◆ **TASK TO COMPLETE**
The records must be returned word for word.

(Saved entries)
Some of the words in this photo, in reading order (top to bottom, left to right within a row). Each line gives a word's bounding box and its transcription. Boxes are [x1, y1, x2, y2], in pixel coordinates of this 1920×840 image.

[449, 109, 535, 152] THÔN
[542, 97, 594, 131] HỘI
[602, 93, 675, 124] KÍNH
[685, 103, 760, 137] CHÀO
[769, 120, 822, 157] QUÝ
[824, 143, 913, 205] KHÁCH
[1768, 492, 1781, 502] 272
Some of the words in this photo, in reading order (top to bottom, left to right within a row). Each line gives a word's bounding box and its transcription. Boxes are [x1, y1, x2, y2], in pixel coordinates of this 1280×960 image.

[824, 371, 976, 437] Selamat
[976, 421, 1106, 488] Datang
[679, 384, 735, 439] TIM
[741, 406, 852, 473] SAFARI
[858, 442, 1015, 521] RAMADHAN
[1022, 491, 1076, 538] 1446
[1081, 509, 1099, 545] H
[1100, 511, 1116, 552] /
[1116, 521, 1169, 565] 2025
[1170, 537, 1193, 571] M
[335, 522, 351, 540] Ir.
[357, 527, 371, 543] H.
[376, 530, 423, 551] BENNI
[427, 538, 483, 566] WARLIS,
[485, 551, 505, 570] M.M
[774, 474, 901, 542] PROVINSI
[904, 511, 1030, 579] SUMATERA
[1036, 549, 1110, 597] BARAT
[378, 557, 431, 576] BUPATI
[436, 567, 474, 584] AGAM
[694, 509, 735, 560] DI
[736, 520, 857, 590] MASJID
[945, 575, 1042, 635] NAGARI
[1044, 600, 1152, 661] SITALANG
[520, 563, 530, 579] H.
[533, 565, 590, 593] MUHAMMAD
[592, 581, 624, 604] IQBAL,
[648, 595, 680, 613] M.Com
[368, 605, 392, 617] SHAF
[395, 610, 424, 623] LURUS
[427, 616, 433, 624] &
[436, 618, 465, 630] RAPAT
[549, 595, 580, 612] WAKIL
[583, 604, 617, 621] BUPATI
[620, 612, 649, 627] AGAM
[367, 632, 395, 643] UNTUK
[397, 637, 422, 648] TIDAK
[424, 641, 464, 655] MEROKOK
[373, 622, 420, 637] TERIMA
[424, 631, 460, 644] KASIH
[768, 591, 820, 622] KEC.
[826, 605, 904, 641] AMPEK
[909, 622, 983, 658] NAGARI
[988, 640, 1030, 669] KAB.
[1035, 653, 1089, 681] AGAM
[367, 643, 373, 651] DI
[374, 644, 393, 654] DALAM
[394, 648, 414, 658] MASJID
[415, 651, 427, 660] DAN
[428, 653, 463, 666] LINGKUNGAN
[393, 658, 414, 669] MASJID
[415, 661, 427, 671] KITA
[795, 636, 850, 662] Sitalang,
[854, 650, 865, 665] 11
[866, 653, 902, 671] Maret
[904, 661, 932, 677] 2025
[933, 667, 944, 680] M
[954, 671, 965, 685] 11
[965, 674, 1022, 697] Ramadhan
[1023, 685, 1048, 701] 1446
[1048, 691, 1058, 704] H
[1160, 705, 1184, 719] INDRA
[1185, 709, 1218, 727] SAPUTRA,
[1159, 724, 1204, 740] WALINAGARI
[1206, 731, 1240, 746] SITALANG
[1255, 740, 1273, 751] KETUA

◆ **FINAL ANSWER**
Some of the words in this photo, in reading order (top to bottom, left to right within a row). Each line gives a word's bounding box and its transcription. Boxes are [x1, y1, x2, y2], in pixel coordinates of this 1920×840 image.

[449, 109, 535, 152] THÔN
[542, 97, 594, 131] HỘI
[602, 93, 675, 124] KÍNH
[685, 103, 760, 137] CHÀO
[769, 120, 822, 157] QUÝ
[824, 143, 913, 205] KHÁCH
[1768, 492, 1781, 502] 272
Some of the words in this photo, in reading order (top to bottom, left to right within a row). Each line gives a word's bounding box and its transcription. Boxes are [x1, y1, x2, y2], in pixel coordinates of this 1280×960 image.

[824, 371, 976, 437] Selamat
[976, 421, 1106, 488] Datang
[679, 384, 735, 439] TIM
[741, 406, 852, 473] SAFARI
[858, 442, 1015, 521] RAMADHAN
[1022, 491, 1076, 538] 1446
[1081, 509, 1099, 545] H
[1100, 511, 1116, 552] /
[1116, 521, 1169, 565] 2025
[1170, 537, 1193, 571] M
[335, 522, 351, 540] Ir.
[357, 527, 371, 543] H.
[376, 530, 423, 551] BENNI
[427, 538, 483, 566] WARLIS,
[485, 551, 505, 570] M.M
[774, 474, 901, 542] PROVINSI
[904, 511, 1030, 579] SUMATERA
[1036, 549, 1110, 597] BARAT
[378, 557, 431, 576] BUPATI
[436, 567, 474, 584] AGAM
[694, 509, 735, 560] DI
[736, 520, 857, 590] MASJID
[945, 575, 1042, 635] NAGARI
[1044, 600, 1152, 661] SITALANG
[520, 563, 530, 579] H.
[533, 565, 590, 593] MUHAMMAD
[592, 581, 624, 604] IQBAL,
[648, 595, 680, 613] M.Com
[368, 605, 392, 617] SHAF
[395, 610, 424, 623] LURUS
[427, 616, 433, 624] &
[436, 618, 465, 630] RAPAT
[549, 595, 580, 612] WAKIL
[583, 604, 617, 621] BUPATI
[620, 612, 649, 627] AGAM
[367, 632, 395, 643] UNTUK
[397, 637, 422, 648] TIDAK
[424, 641, 464, 655] MEROKOK
[373, 622, 420, 637] TERIMA
[424, 631, 460, 644] KASIH
[768, 591, 820, 622] KEC.
[826, 605, 904, 641] AMPEK
[909, 622, 983, 658] NAGARI
[988, 640, 1030, 669] KAB.
[1035, 653, 1089, 681] AGAM
[367, 643, 373, 651] DI
[374, 644, 393, 654] DALAM
[394, 648, 414, 658] MASJID
[415, 651, 427, 660] DAN
[428, 653, 463, 666] LINGKUNGAN
[393, 658, 414, 669] MASJID
[415, 661, 427, 671] KITA
[795, 636, 850, 662] Sitalang,
[854, 650, 865, 665] 11
[866, 653, 902, 671] Maret
[904, 661, 932, 677] 2025
[933, 667, 944, 680] M
[954, 671, 965, 685] 11
[965, 674, 1022, 697] Ramadhan
[1023, 685, 1048, 701] 1446
[1048, 691, 1058, 704] H
[1160, 705, 1184, 719] INDRA
[1185, 709, 1218, 727] SAPUTRA,
[1159, 724, 1204, 740] WALINAGARI
[1206, 731, 1240, 746] SITALANG
[1255, 740, 1273, 751] KETUA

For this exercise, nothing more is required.